> **Task to carry out**
In the records below, one line contains "Some of the text". Print that line and every line after it exactly, down to the final one.
Provided material START
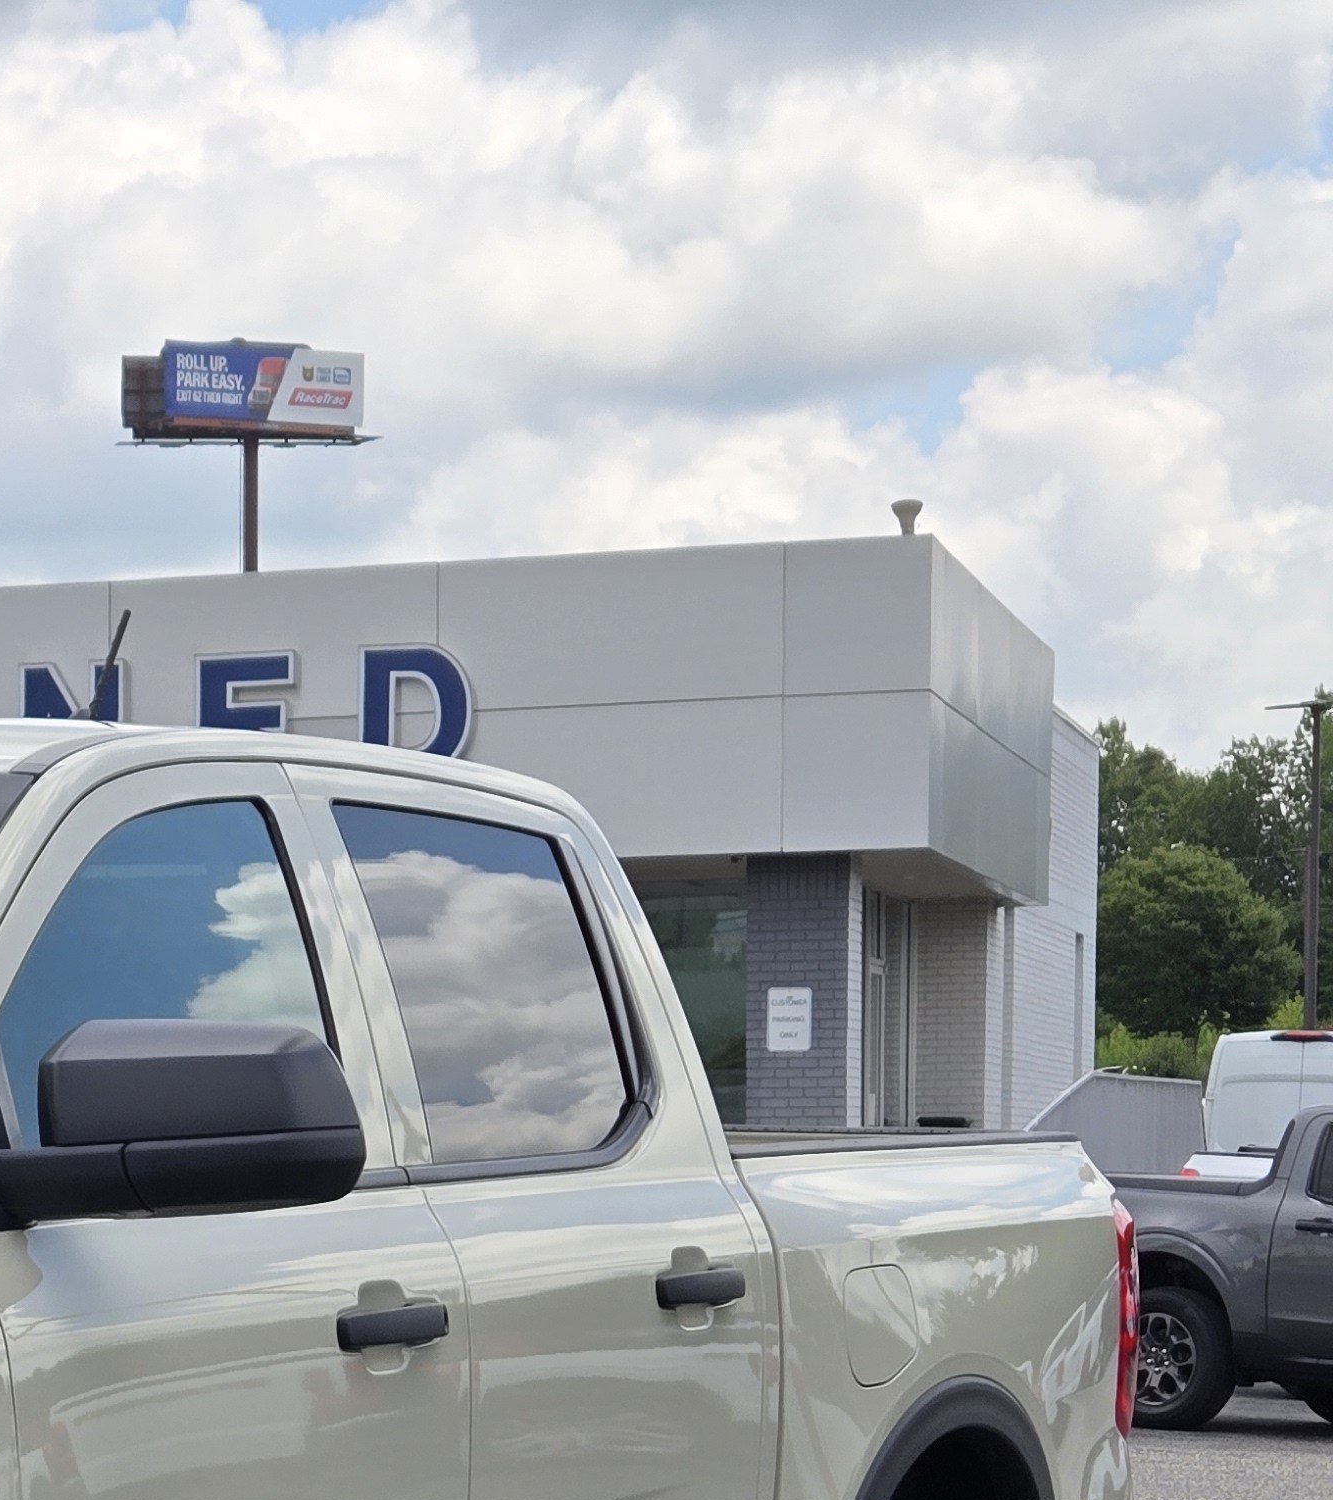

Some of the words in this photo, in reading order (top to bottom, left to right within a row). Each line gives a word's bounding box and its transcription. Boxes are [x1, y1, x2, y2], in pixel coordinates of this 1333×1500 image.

[176, 353, 208, 371] ROLL
[210, 354, 228, 372] UP.
[176, 370, 209, 388] PARK
[212, 373, 245, 391] EASY.
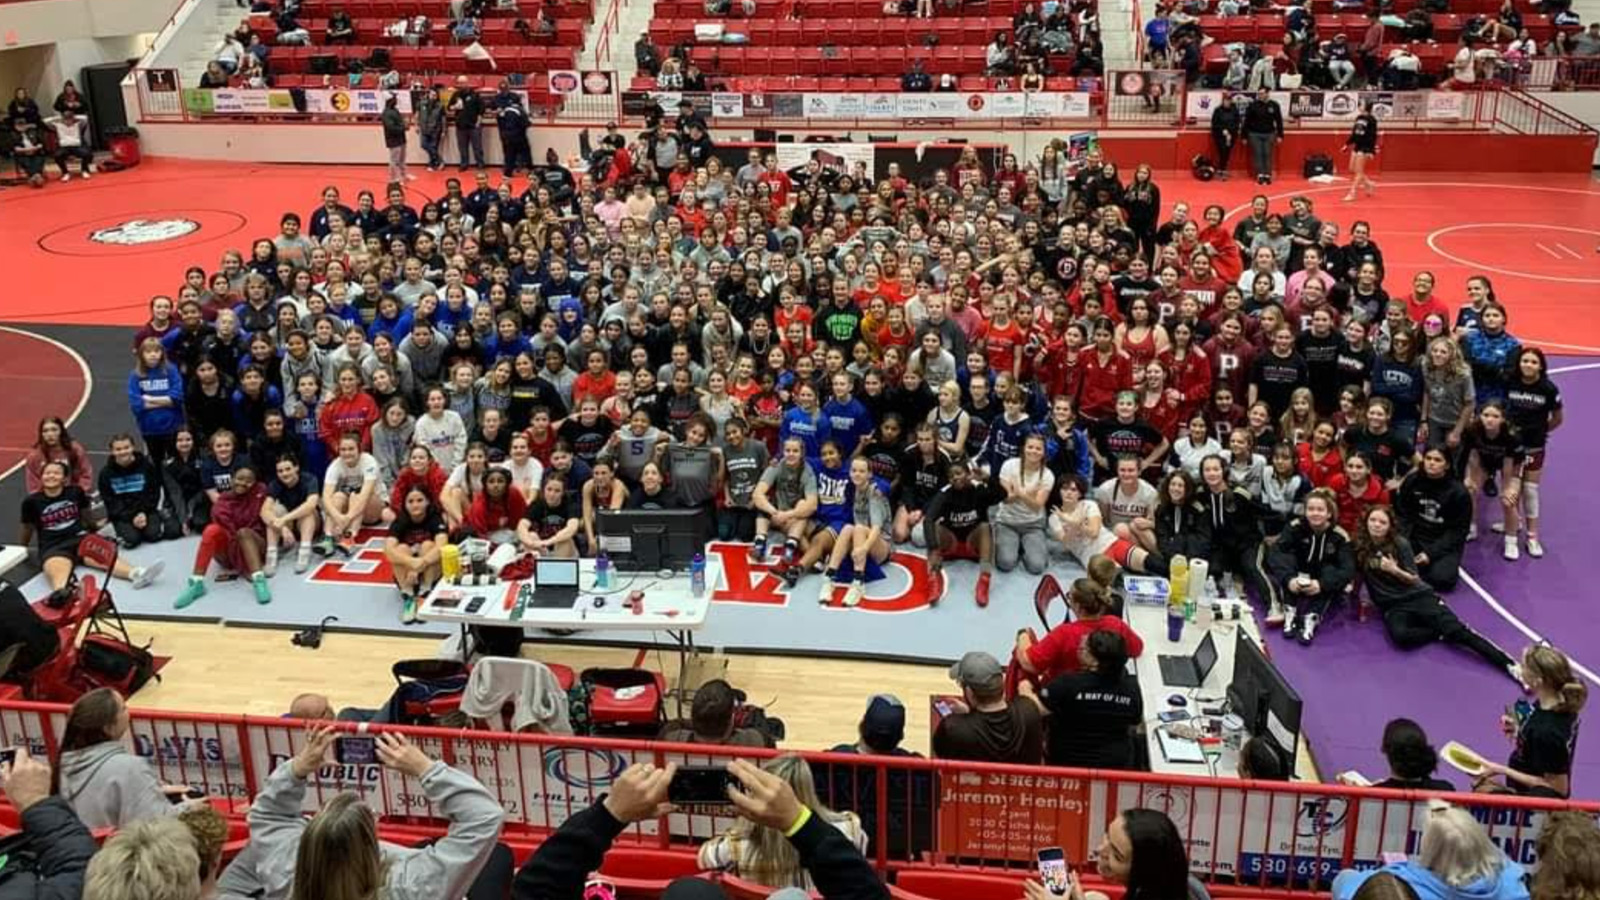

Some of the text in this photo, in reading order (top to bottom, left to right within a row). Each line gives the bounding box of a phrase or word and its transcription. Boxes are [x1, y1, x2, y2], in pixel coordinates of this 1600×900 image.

[1158, 303, 1175, 325] P
[1219, 354, 1238, 379] P
[631, 442, 644, 456] S
[1077, 692, 1083, 700] A
[1085, 692, 1102, 700] WAY
[1103, 693, 1114, 702] OF
[134, 734, 221, 761] DAVIS
[942, 788, 1015, 808] Jeremy
[1019, 792, 1089, 814] Henley
Provided material END
> **Task answer**
Some of the text in this photo, in reading order (top to bottom, left to right within a row). Each line gives the bounding box of a phrase or word and its transcription. Boxes are [x1, y1, x2, y2], in pixel coordinates of this 1600×900 image.

[1158, 303, 1175, 325] P
[1219, 354, 1238, 379] P
[631, 442, 644, 456] S
[1077, 692, 1083, 700] A
[1085, 692, 1102, 700] WAY
[1103, 693, 1114, 702] OF
[134, 734, 221, 761] DAVIS
[942, 788, 1015, 808] Jeremy
[1019, 792, 1089, 814] Henley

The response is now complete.